## Data extracts
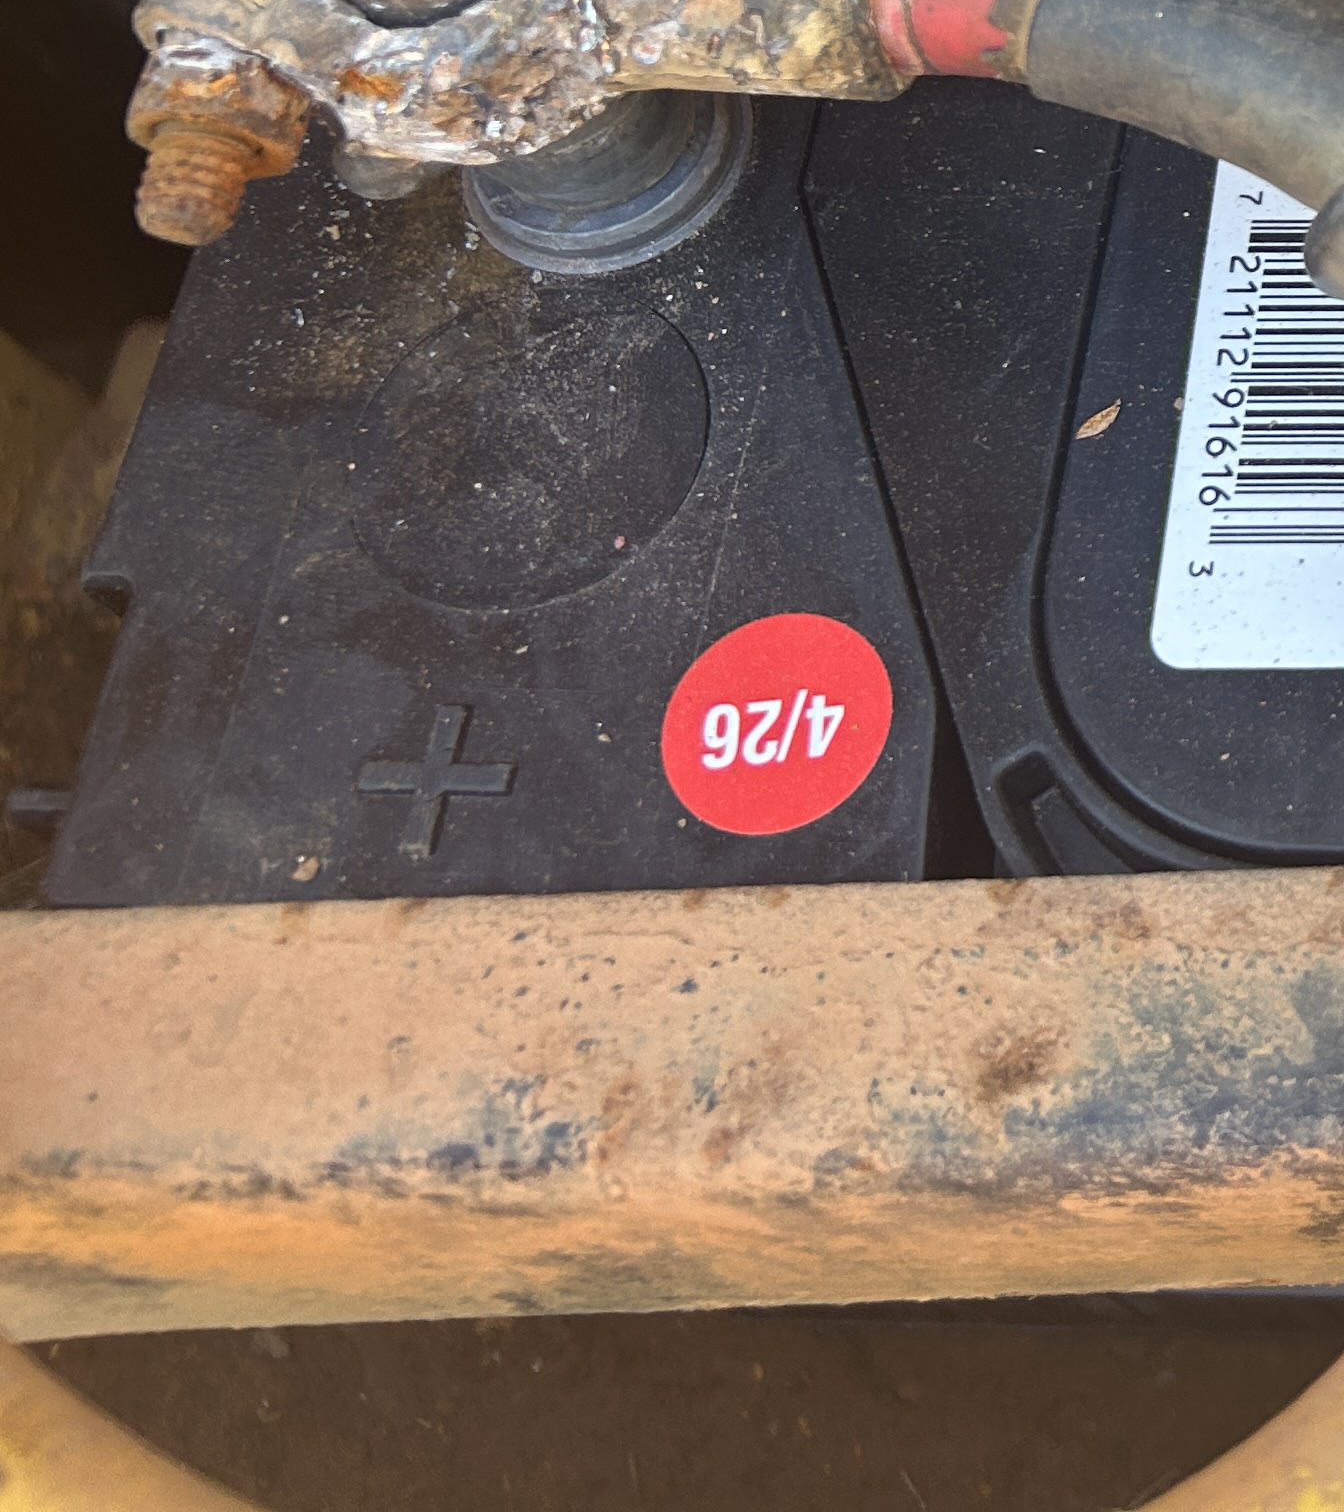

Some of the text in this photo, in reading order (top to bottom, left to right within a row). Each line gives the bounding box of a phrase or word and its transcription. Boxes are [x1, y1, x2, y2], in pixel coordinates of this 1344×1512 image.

--

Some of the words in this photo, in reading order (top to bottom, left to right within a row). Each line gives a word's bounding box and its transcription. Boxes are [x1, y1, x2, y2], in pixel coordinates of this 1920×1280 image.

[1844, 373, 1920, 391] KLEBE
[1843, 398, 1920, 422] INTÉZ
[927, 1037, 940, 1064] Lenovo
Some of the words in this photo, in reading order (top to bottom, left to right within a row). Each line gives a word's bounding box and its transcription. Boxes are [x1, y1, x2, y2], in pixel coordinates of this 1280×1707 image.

## Your goal
Using the entries above, repeat only the lines from the one containing "this 1920×1280 image." through the one containing "this 1280×1707 image.", end lines included.

## Solution to this exercise
Some of the words in this photo, in reading order (top to bottom, left to right within a row). Each line gives a word's bounding box and its transcription. Boxes are [x1, y1, x2, y2], in pixel coordinates of this 1920×1280 image.

[1844, 373, 1920, 391] KLEBE
[1843, 398, 1920, 422] INTÉZ
[927, 1037, 940, 1064] Lenovo
Some of the words in this photo, in reading order (top to bottom, left to right within a row). Each line gives a word's bounding box and its transcription. Boxes are [x1, y1, x2, y2], in pixel coordinates of this 1280×1707 image.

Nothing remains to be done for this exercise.